● ABOUT THIS TASK
Each line below must be reproduced exactly as it stands. Pictures stay out of the copy.

● INFORMATION SHOWN
************

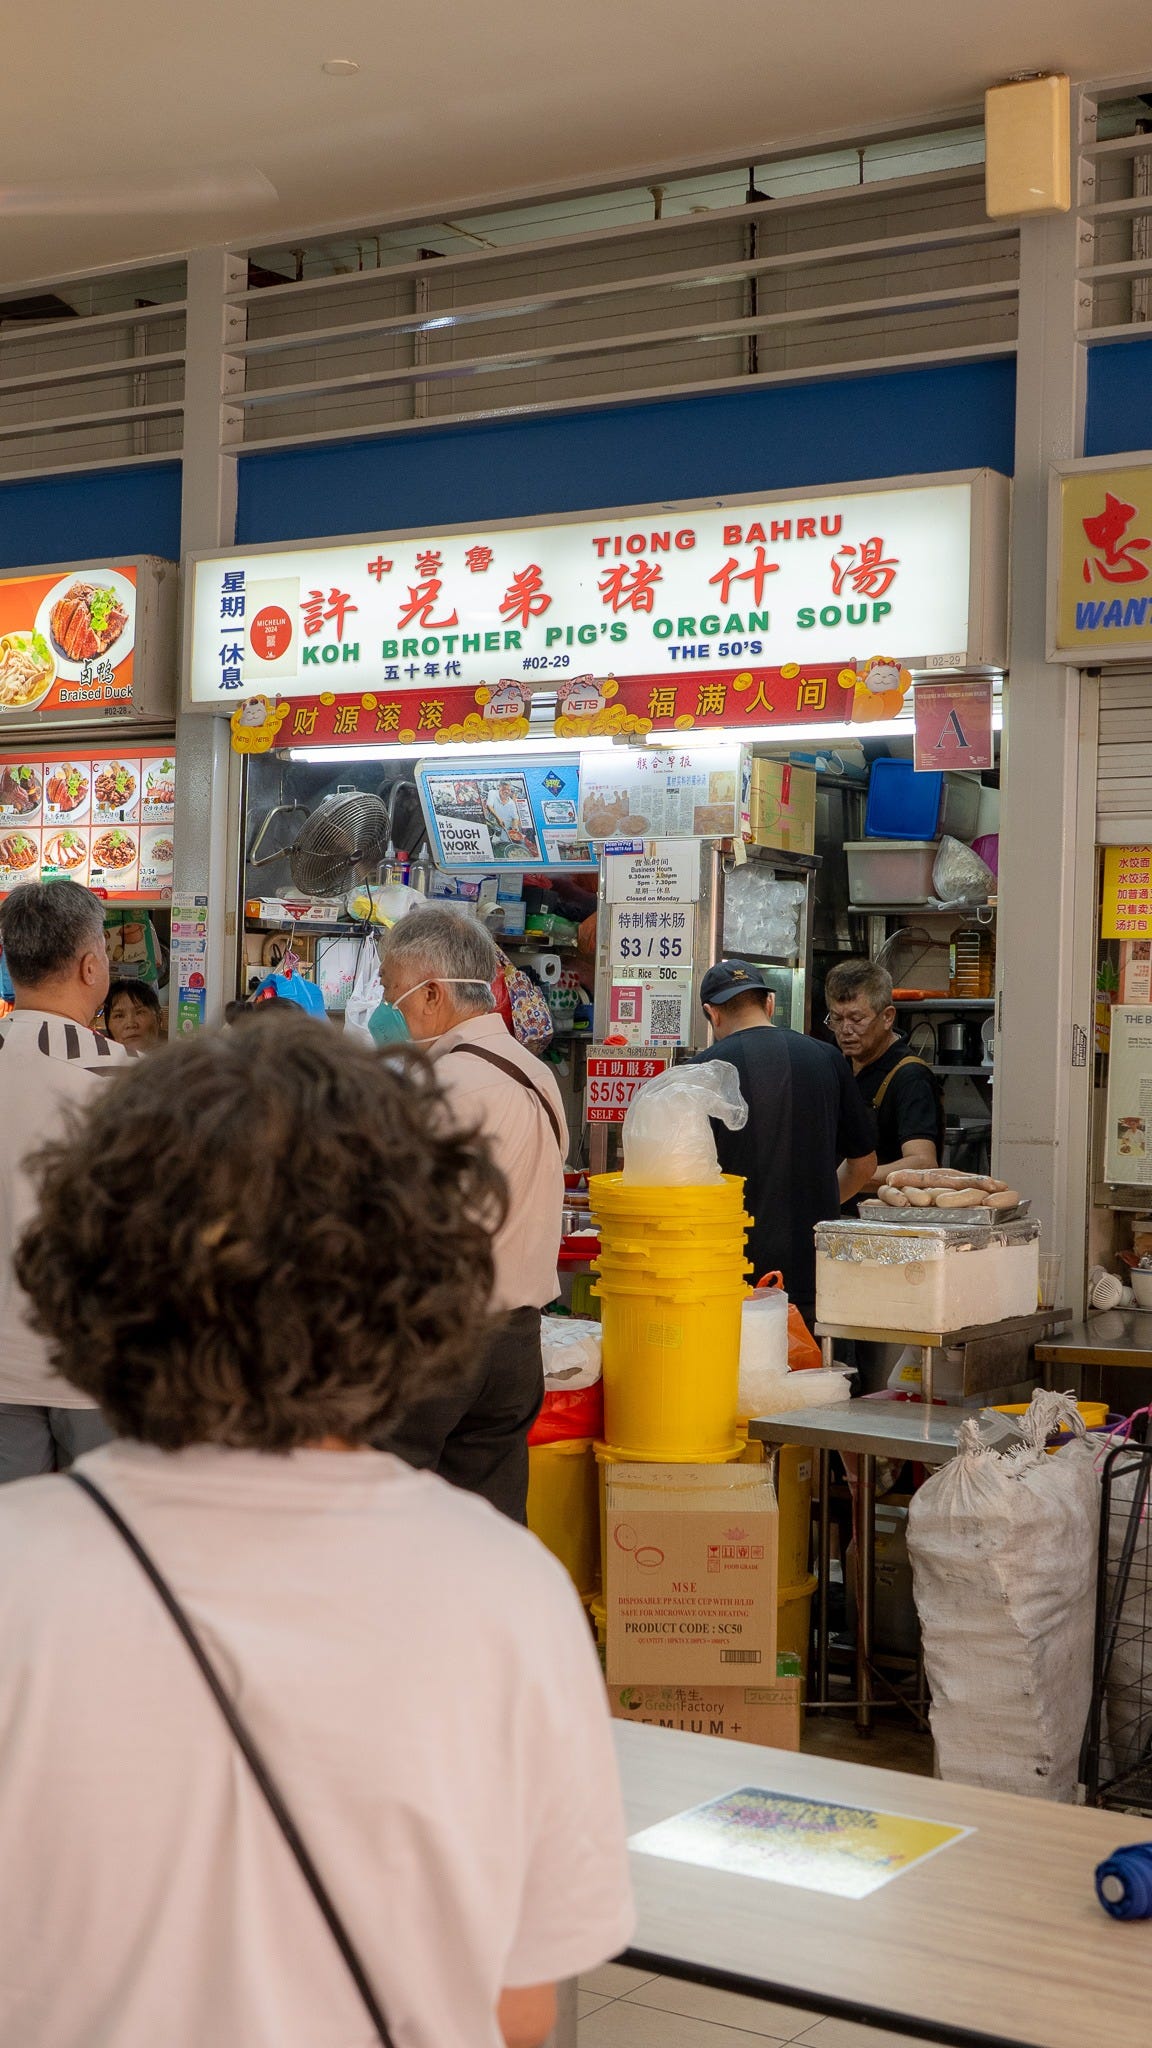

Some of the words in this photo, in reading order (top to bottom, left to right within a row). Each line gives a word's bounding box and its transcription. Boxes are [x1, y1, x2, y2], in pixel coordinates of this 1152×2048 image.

[592, 529, 696, 557] TIONG
[723, 514, 842, 546] BAHRU
[257, 618, 286, 627] MICHELIN
[219, 570, 247, 690] 星期一休息
[302, 642, 360, 665] KOH
[382, 629, 523, 660] BROTHER
[652, 610, 770, 640] ORGAN
[796, 600, 892, 630] SOUP
[668, 644, 710, 661] THE
[522, 655, 571, 671] #02-29
[932, 655, 961, 667] 02-29
[80, 658, 115, 686] 卤鸭
[383, 661, 462, 681] 五十年代
[59, 687, 101, 703] Braised
[105, 685, 134, 699] Duck
[645, 679, 828, 720] 福满人间
[104, 706, 128, 716] #02-28
[490, 703, 519, 715] NETS
[568, 700, 598, 711] NETS
[290, 700, 446, 737] 财源滚滚
[933, 709, 972, 749] A
[438, 821, 445, 829] It
[445, 821, 453, 829] is
[440, 829, 481, 839] TOUGH
[444, 841, 480, 851] WORK
[1118, 857, 1151, 869] 水饺面
[1118, 873, 1150, 884] 水饺汤
[1117, 888, 1152, 900] 加普通
[618, 912, 686, 929] 特制糯米肠
[1115, 919, 1148, 931] 汤打包
[620, 937, 642, 959] $3
[647, 937, 654, 957] /
[660, 937, 683, 959] $5
[638, 968, 652, 978] Rice
[659, 968, 678, 980] 50c
[1124, 1014, 1143, 1024] THE
[1145, 1014, 1152, 1024] B
[595, 1060, 656, 1076] 自助服务
[590, 1109, 614, 1120] SELF
[672, 1582, 697, 1593] MSE
[618, 1596, 661, 1605] DISPOSABLE
[663, 1597, 672, 1605] PP
[672, 1597, 696, 1606] SAUCE
[698, 1598, 713, 1606] CUP
[621, 1608, 637, 1617] SAFE
[640, 1608, 653, 1617] FOR
[655, 1609, 696, 1617] MICROWAVE
[698, 1609, 717, 1617] OVEN
[625, 1622, 677, 1633] PRODUCT
[679, 1622, 710, 1634] CODE
[718, 1623, 743, 1634] SC50
[644, 1699, 725, 1715] GreenFactory

************

● TASK SOLUTION
Some of the words in this photo, in reading order (top to bottom, left to right within a row). Each line gives a word's bounding box and its transcription. Boxes are [x1, y1, x2, y2], in pixel coordinates of this 1152×2048 image.

[592, 529, 696, 557] TIONG
[723, 514, 842, 546] BAHRU
[257, 618, 286, 627] MICHELIN
[219, 570, 247, 690] 星期一休息
[302, 642, 360, 665] KOH
[382, 629, 523, 660] BROTHER
[652, 610, 770, 640] ORGAN
[796, 600, 892, 630] SOUP
[668, 644, 710, 661] THE
[522, 655, 571, 671] #02-29
[932, 655, 961, 667] 02-29
[80, 658, 115, 686] 卤鸭
[383, 661, 462, 681] 五十年代
[59, 687, 101, 703] Braised
[105, 685, 134, 699] Duck
[645, 679, 828, 720] 福满人间
[104, 706, 128, 716] #02-28
[490, 703, 519, 715] NETS
[568, 700, 598, 711] NETS
[290, 700, 446, 737] 财源滚滚
[933, 709, 972, 749] A
[438, 821, 445, 829] It
[445, 821, 453, 829] is
[440, 829, 481, 839] TOUGH
[444, 841, 480, 851] WORK
[1118, 857, 1151, 869] 水饺面
[1118, 873, 1150, 884] 水饺汤
[1117, 888, 1152, 900] 加普通
[618, 912, 686, 929] 特制糯米肠
[1115, 919, 1148, 931] 汤打包
[620, 937, 642, 959] $3
[647, 937, 654, 957] /
[660, 937, 683, 959] $5
[638, 968, 652, 978] Rice
[659, 968, 678, 980] 50c
[1124, 1014, 1143, 1024] THE
[1145, 1014, 1152, 1024] B
[595, 1060, 656, 1076] 自助服务
[590, 1109, 614, 1120] SELF
[672, 1582, 697, 1593] MSE
[618, 1596, 661, 1605] DISPOSABLE
[663, 1597, 672, 1605] PP
[672, 1597, 696, 1606] SAUCE
[698, 1598, 713, 1606] CUP
[621, 1608, 637, 1617] SAFE
[640, 1608, 653, 1617] FOR
[655, 1609, 696, 1617] MICROWAVE
[698, 1609, 717, 1617] OVEN
[625, 1622, 677, 1633] PRODUCT
[679, 1622, 710, 1634] CODE
[718, 1623, 743, 1634] SC50
[644, 1699, 725, 1715] GreenFactory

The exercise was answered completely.